**Problem to solve**
Print the data exactly. Omit the pictures.

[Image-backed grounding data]
..............................
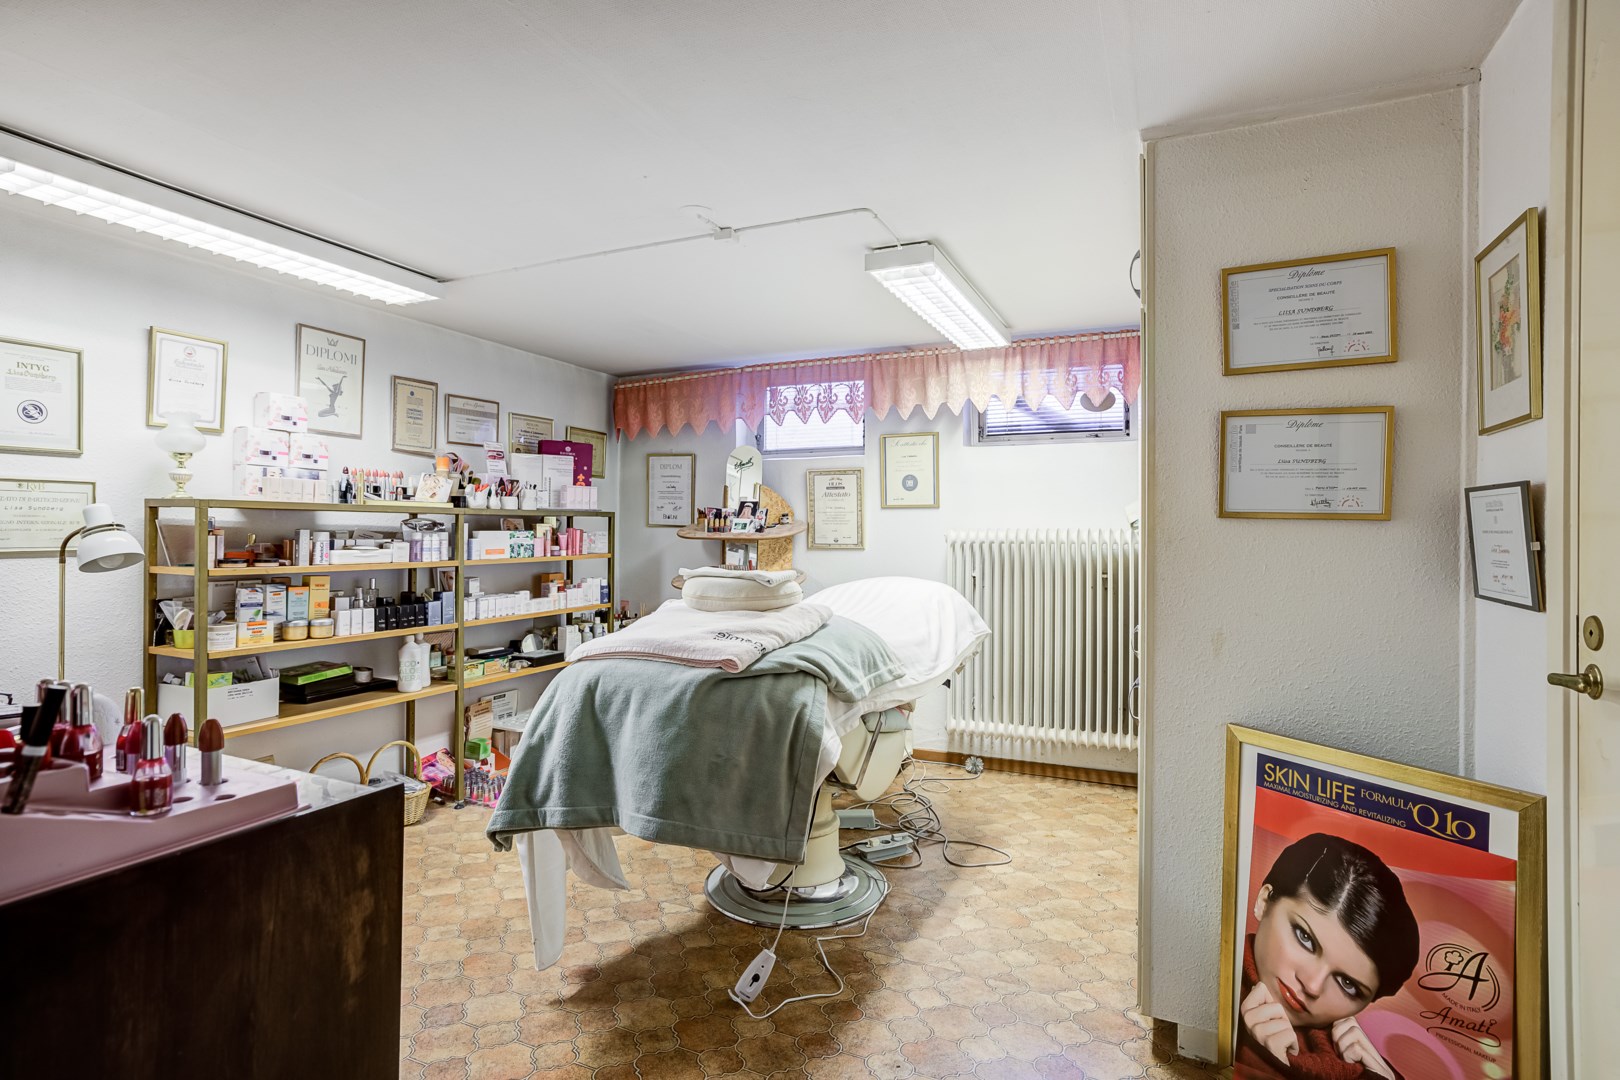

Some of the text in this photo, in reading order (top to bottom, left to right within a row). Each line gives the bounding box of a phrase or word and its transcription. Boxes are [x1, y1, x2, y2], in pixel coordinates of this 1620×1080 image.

[1287, 267, 1326, 282] Diplôme
[16, 361, 50, 372] INTYG
[1286, 418, 1325, 432] Diplôme
[1264, 762, 1310, 793] SKIN
[1317, 777, 1356, 806] LIFE
[1360, 788, 1414, 811] FORMULA
[1263, 781, 1407, 828] MAXIMAL MOISTURIZING AND REVITALIZING
[1441, 992, 1458, 1007] MADE
[1459, 1004, 1466, 1012] IN
[1419, 1006, 1498, 1035] Amati
[1435, 1032, 1497, 1064] PROFESSIONAL MAKEUP
..............................
**Solution**
Some of the text in this photo, in reading order (top to bottom, left to right within a row). Each line gives the bounding box of a phrase or word and its transcription. Boxes are [x1, y1, x2, y2], in pixel coordinates of this 1620×1080 image.

[1287, 267, 1326, 282] Diplôme
[16, 361, 50, 372] INTYG
[1286, 418, 1325, 432] Diplôme
[1264, 762, 1310, 793] SKIN
[1317, 777, 1356, 806] LIFE
[1360, 788, 1414, 811] FORMULA
[1263, 781, 1407, 828] MAXIMAL MOISTURIZING AND REVITALIZING
[1441, 992, 1458, 1007] MADE
[1459, 1004, 1466, 1012] IN
[1419, 1006, 1498, 1035] Amati
[1435, 1032, 1497, 1064] PROFESSIONAL MAKEUP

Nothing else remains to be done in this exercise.